• **WHAT TO WORK ON**: Every entry gets copied exactly. No images go into the copy.

• **THE INPUT**:
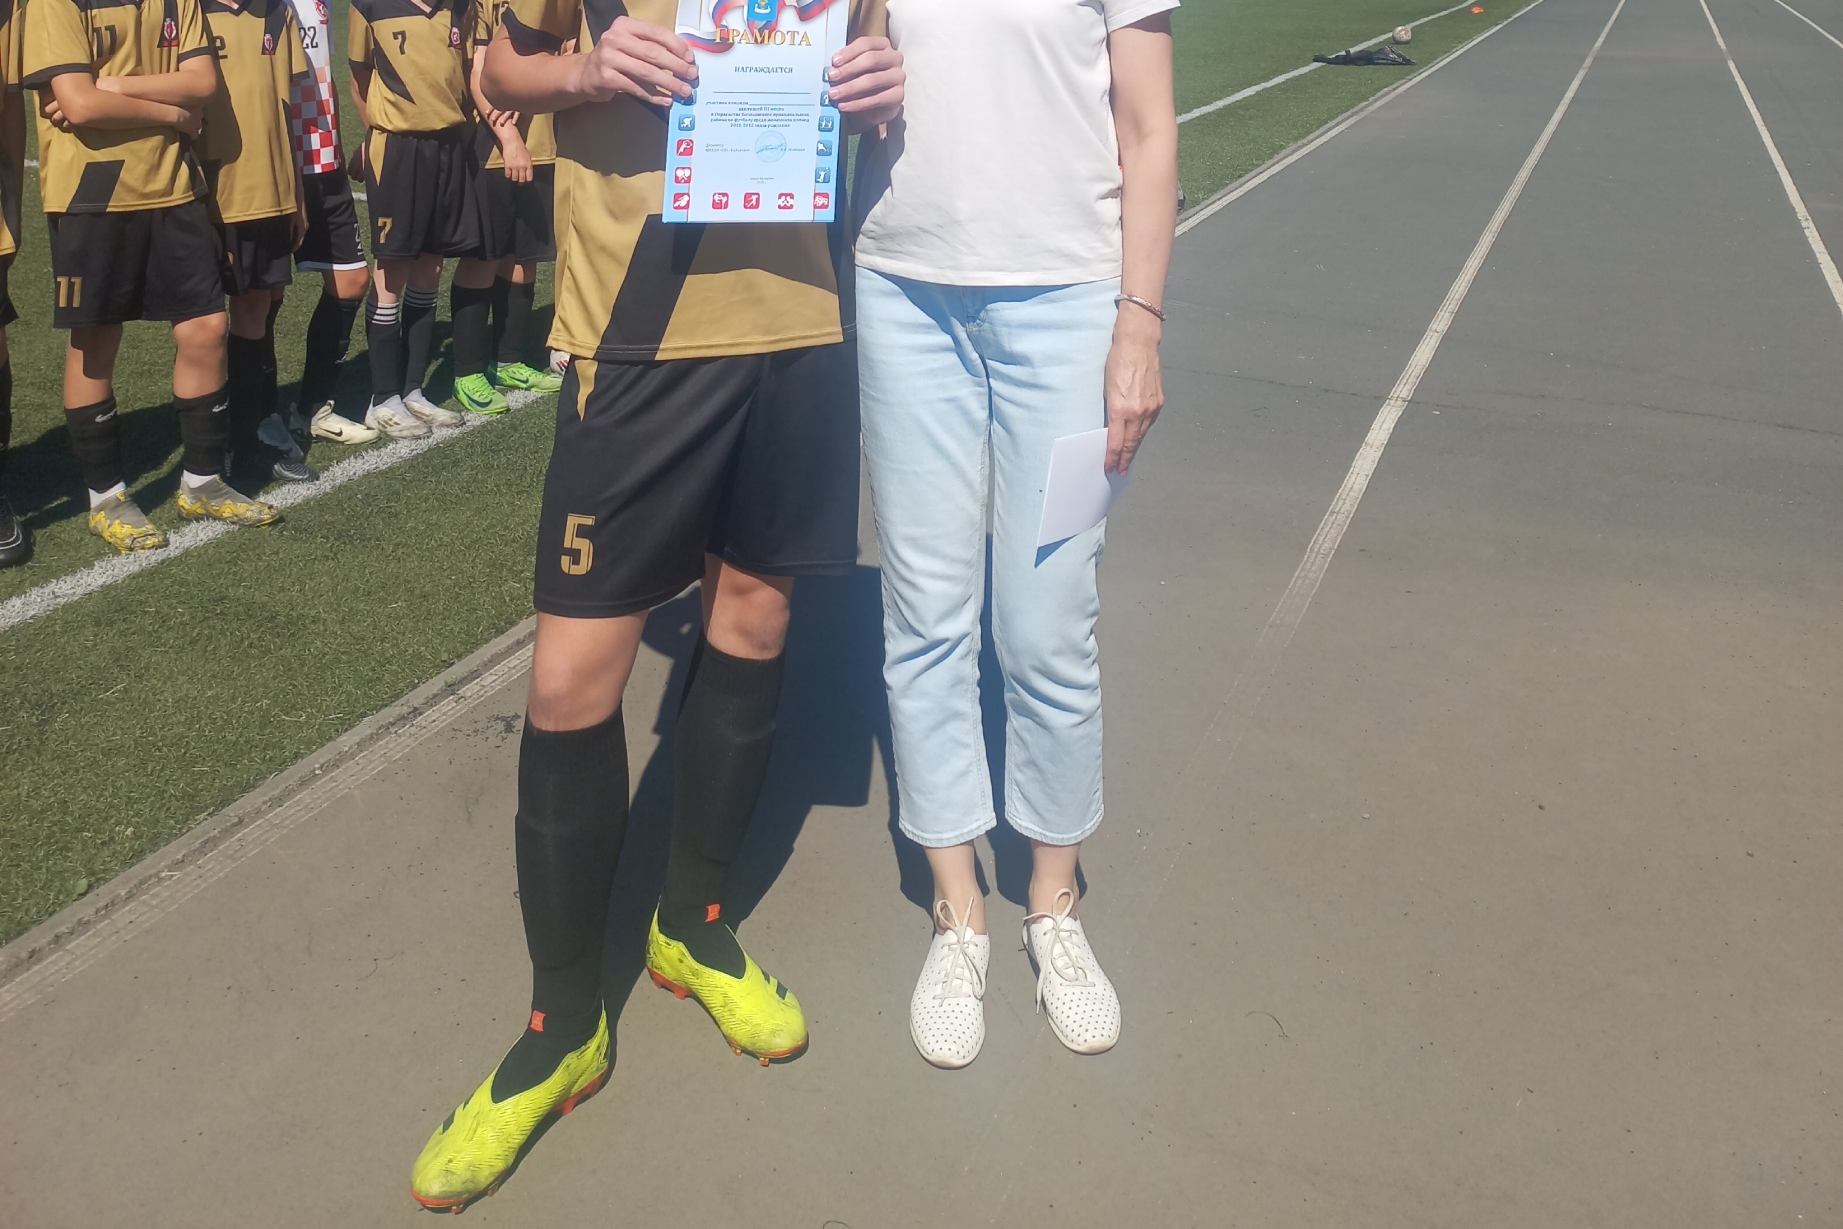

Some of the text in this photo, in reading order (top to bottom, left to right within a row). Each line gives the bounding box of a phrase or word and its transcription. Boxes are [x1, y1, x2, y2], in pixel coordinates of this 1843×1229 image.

[92, 24, 117, 58] 11
[299, 26, 319, 50] 22
[392, 30, 407, 55] 7
[714, 27, 812, 47] ГРАМОТА
[734, 66, 793, 74] НАГРАЖДАЕТСЯ
[377, 217, 393, 244] 7
[56, 276, 83, 308] 11
[561, 513, 596, 575] 5
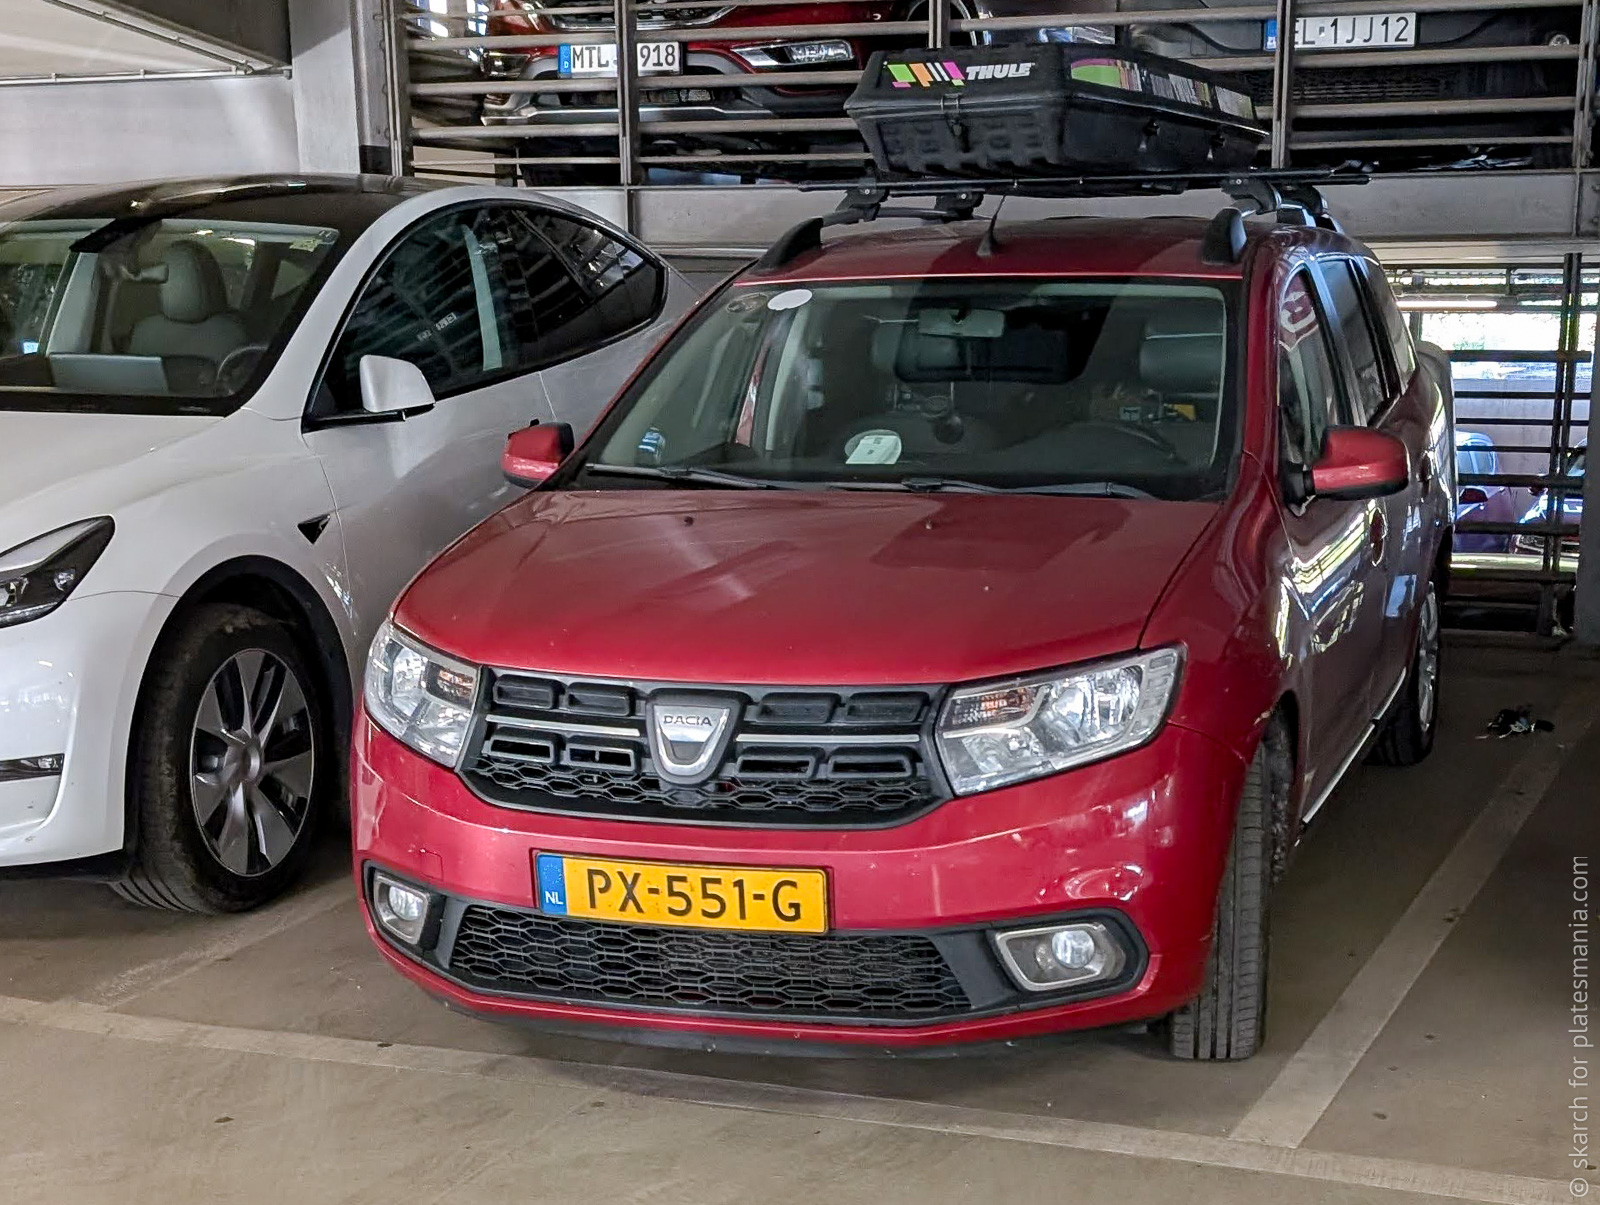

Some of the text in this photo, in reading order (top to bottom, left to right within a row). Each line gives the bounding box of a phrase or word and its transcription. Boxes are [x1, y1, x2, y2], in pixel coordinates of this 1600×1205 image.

[1330, 16, 1408, 44] 1JJ12
[563, 61, 569, 69] D
[572, 44, 676, 69] MTL 918
[965, 62, 1034, 81] THULE
[663, 715, 712, 727] DACIA
[545, 890, 564, 906] NL
[586, 868, 802, 922] PX-551-G
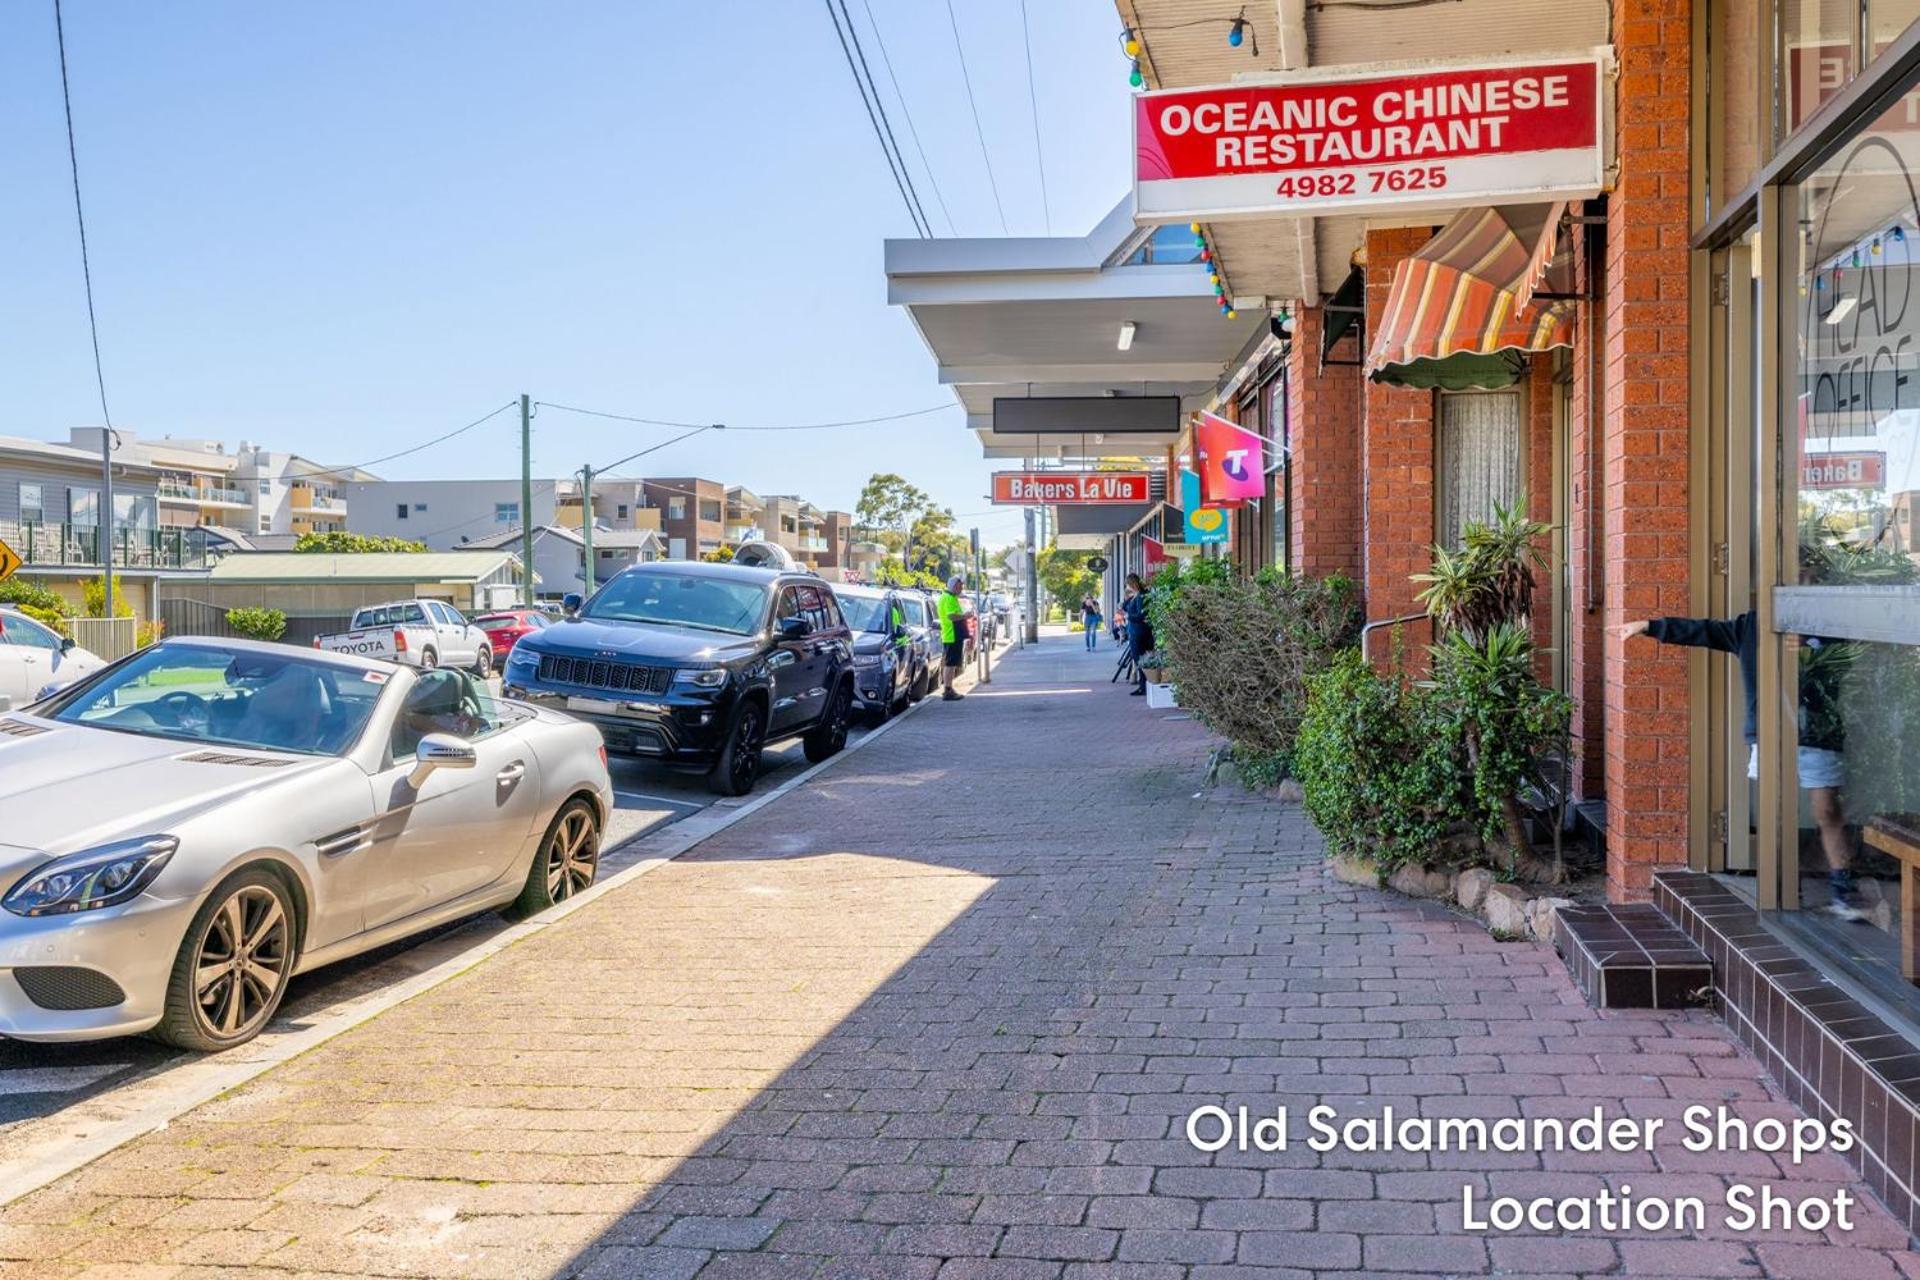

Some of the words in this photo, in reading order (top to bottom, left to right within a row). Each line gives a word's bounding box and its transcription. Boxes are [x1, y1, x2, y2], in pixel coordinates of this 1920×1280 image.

[1160, 96, 1358, 136] OCEANIC
[1373, 76, 1569, 124] CHINESE
[1215, 116, 1509, 168] RESTAURANT
[1276, 173, 1356, 199] 4982
[1369, 166, 1447, 193] 7625
[1010, 479, 1075, 499] Bakers
[1079, 479, 1099, 499] La
[1103, 478, 1133, 499] Vie
[332, 640, 385, 655] TOYOTA

• **WRITTEN RESPONSE**:
Some of the text in this photo, in reading order (top to bottom, left to right within a row). Each line gives the bounding box of a phrase or word and its transcription. Boxes are [x1, y1, x2, y2], in pixel coordinates of this 1843×1229 image.

[92, 24, 117, 58] 11
[299, 26, 319, 50] 22
[392, 30, 407, 55] 7
[714, 27, 812, 47] ГРАМОТА
[734, 66, 793, 74] НАГРАЖДАЕТСЯ
[377, 217, 393, 244] 7
[56, 276, 83, 308] 11
[561, 513, 596, 575] 5

Some of the text in this photo, in reading order (top to bottom, left to right within a row). Each line gives the bounding box of a phrase or word and its transcription. Boxes are [x1, y1, x2, y2], in pixel coordinates of this 1600×1205 image.

[1330, 16, 1408, 44] 1JJ12
[563, 61, 569, 69] D
[572, 44, 676, 69] MTL 918
[965, 62, 1034, 81] THULE
[663, 715, 712, 727] DACIA
[545, 890, 564, 906] NL
[586, 868, 802, 922] PX-551-G

Some of the words in this photo, in reading order (top to bottom, left to right within a row). Each line gives a word's bounding box and its transcription. Boxes are [x1, y1, x2, y2], in pixel coordinates of this 1920×1280 image.

[1160, 96, 1358, 136] OCEANIC
[1373, 76, 1569, 124] CHINESE
[1215, 116, 1509, 168] RESTAURANT
[1276, 173, 1356, 199] 4982
[1369, 166, 1447, 193] 7625
[1010, 479, 1075, 499] Bakers
[1079, 479, 1099, 499] La
[1103, 478, 1133, 499] Vie
[332, 640, 385, 655] TOYOTA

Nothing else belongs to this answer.